Proposition 1.2. For an ideal gas: $C_P - C_V = Nk_B$ .

Proof. $H = U + PV = U + Nk_BT$ . Therefore $C_P = (\partial H/\partial T)_P = (\partial U/\partial T)_P + Nk_B = C_V + Nk_B$ (since $U$ depends only on $T$ for an ideal gas). $\blacksquare$

1.3 Second Law and Entropy

Second Law (Clausius statement): Heat cannot spontaneously flow from a colder body to a hotter body.

Second Law (Kelvin-Planck statement): No process can convert heat entirely into work in a cyclic manner without other effects.

These are equivalent: each implies the other.

Definition. The entropy change for a reversible process is

$dS = \frac{\delta Q_{\mathrm{rev}}{T}}$

Theorem 1.3 (Clausius Inequality). For any cyclic process:

$\oint \frac{\delta Q}{T} \leq 0$

With equality for reversible processes.

Proof. Consider a system undergoing a cycle interacting with $n$ heat reservoirs at temperatures $T_1, \ldots, T_n$ Exchanging heat $Q_i$ with reservoir $i$ . The Clausius inequality follows from the impossibility of a perpetual motion machine of the second kind: a cycle that absorbs heat from a single reservoir and does work would violate the Kelvin-Planck statement. The detailed …/1-number-and-algebra/3_proof-and-logic uses auxiliary Carnot engines operating between pairs of reservoirs. $\blacksquare$

Corollary 1.4 (Principle of Increasing Entropy). For an isolated system, $dS \geq 0$ With equality for reversible processes.

1.4 Third Law

Third Law (Nernst): As $T \to 0^+$ The entropy of a perfect crystal approaches a constant (which can be taken as zero):

$\lim_{T \to 0} S(T) = 0$

Consequences:

It is impossible to reach absolute zero in a finite number of steps.
The heat capacities $C_V$ and $C_P$ approach zero as $T \to 0$ .

1.5 Thermodynamic Potentials

Potential	Natural Variables	Differential	Name
$U$	$S, V$	$dU = TdS - PdV$	Internal Energy
$H = U + PV$	$S, P$	$dH = TdS + VdP$	Enthalpy
$F = U - TS$	$T, V$	$dF = -SdT - PdV$	Helmholtz Free Energy
$G = H - TS$	$T, P$	$dG = -SdT + VdP$	Gibbs Free Energy

Theorem 1.5. At equilibrium for a system in contact with a heat bath at temperature $T$ : $F$ is minimised at constant $T, V$ ; $G$ is minimised at constant $T, P$ .
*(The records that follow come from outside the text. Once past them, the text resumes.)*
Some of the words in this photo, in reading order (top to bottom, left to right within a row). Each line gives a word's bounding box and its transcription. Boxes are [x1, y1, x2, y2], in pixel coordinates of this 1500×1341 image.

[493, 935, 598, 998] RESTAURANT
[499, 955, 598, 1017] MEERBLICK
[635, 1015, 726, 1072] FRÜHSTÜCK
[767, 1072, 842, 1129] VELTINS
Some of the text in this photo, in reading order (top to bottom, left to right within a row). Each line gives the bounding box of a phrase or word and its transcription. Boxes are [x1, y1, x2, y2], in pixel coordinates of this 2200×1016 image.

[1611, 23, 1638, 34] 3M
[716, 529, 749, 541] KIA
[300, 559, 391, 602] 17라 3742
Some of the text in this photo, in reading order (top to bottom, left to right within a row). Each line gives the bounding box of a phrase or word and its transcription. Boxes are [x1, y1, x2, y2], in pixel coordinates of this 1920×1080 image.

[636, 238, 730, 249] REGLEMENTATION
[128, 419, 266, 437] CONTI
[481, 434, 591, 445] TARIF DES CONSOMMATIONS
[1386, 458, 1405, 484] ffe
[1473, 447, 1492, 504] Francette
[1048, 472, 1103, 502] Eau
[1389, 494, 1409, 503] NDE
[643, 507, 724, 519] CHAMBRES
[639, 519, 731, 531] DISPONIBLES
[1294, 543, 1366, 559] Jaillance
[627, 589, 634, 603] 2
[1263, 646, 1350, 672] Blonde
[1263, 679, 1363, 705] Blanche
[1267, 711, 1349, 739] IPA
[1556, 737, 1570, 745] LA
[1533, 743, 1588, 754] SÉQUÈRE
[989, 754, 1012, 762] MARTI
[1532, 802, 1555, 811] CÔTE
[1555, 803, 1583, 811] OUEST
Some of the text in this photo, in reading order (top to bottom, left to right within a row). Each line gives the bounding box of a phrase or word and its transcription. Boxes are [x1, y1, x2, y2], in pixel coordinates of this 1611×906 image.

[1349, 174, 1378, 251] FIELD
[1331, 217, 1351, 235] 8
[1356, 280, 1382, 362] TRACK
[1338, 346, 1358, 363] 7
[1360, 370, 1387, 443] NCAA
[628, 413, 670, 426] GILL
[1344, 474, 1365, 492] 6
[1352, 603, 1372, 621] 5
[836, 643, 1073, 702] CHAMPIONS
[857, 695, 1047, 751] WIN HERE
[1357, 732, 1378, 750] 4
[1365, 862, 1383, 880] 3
Proof. For constant $T, V$ : $dF = dU - TdS = \delta Q - PdV - TdS$ . At equilibrium $dS \geq \delta Q/T$ (Clausius inequality), so $dF \leq 0$ . Hence $F$ decreases and is minimised at equilibrium. The argument for $G$ is analogous. $\blacksquare$

1.6 Maxwell Relations

From the exactness of $dU = TdS - PdV$ (and similarly for $dH$ , $dF$ , $dG$ ), the equality of mixed partial derivatives gives four Maxwell relations:

$\left(\frac{\partial T}{\partial V}\right)_S = -\left(\frac{\partial P}{\partial S}\right)_V$
$\left(\frac{\partial T}{\partial P}\right)_S = \left(\frac{\partial V}{\partial S}\right)_P$
$\left(\frac{\partial S}{\partial V}\right)_T = \left(\frac{\partial P}{\partial T}\right)_V$
$\left(\frac{\partial S}{\partial P}\right)_T = -\left(\frac{\partial V}{\partial T}\right)_P$

Worked Example: Deriving $(\partial U/\partial V)_T$ for an Ideal Gas

Solution. We use the thermodynamic identity $dU = TdS - PdV$ . Dividing by $dV$ at constant $T$ :

$\left(\frac{\partial U}{\partial V}\right)_T = T\left(\frac{\partial S}{\partial V}\right)_T - P$

By the third Maxwell relation: $(\partial S/\partial V)_T = (\partial P/\partial T)_V$ . For an ideal gas, $P = Nk_BT/V$ So $(\partial P/\partial T)_V = Nk_B/V$ .

Therefore:

$\left(\frac{\partial U}{\partial V}\right)_T = T \cdot \frac{Nk_B}{V} - \frac{Nk_BT}{V} = 0$

This confirms that the internal energy of an ideal gas depends only on temperature. $\blacksquare$

1.7 Common Pitfalls

$\delta Q$ and $\delta W$ are not exact differentials. Unlike $dU$ The heat and work are path-dependent. Only $\delta Q_{\mathrm{rev}/T = dS}$ is exact.
The second law prohibits certain processes but does not explain why they occur. Statistical mechanics provides the microscopic explanation: entropy measures the number of microstates, and the system evolves toward the macrostate with the most microstates.
Free energy minima determine equilibrium, not energy minima. At constant temperature, the system minimises $F$ (or $G$ ), not $U$ .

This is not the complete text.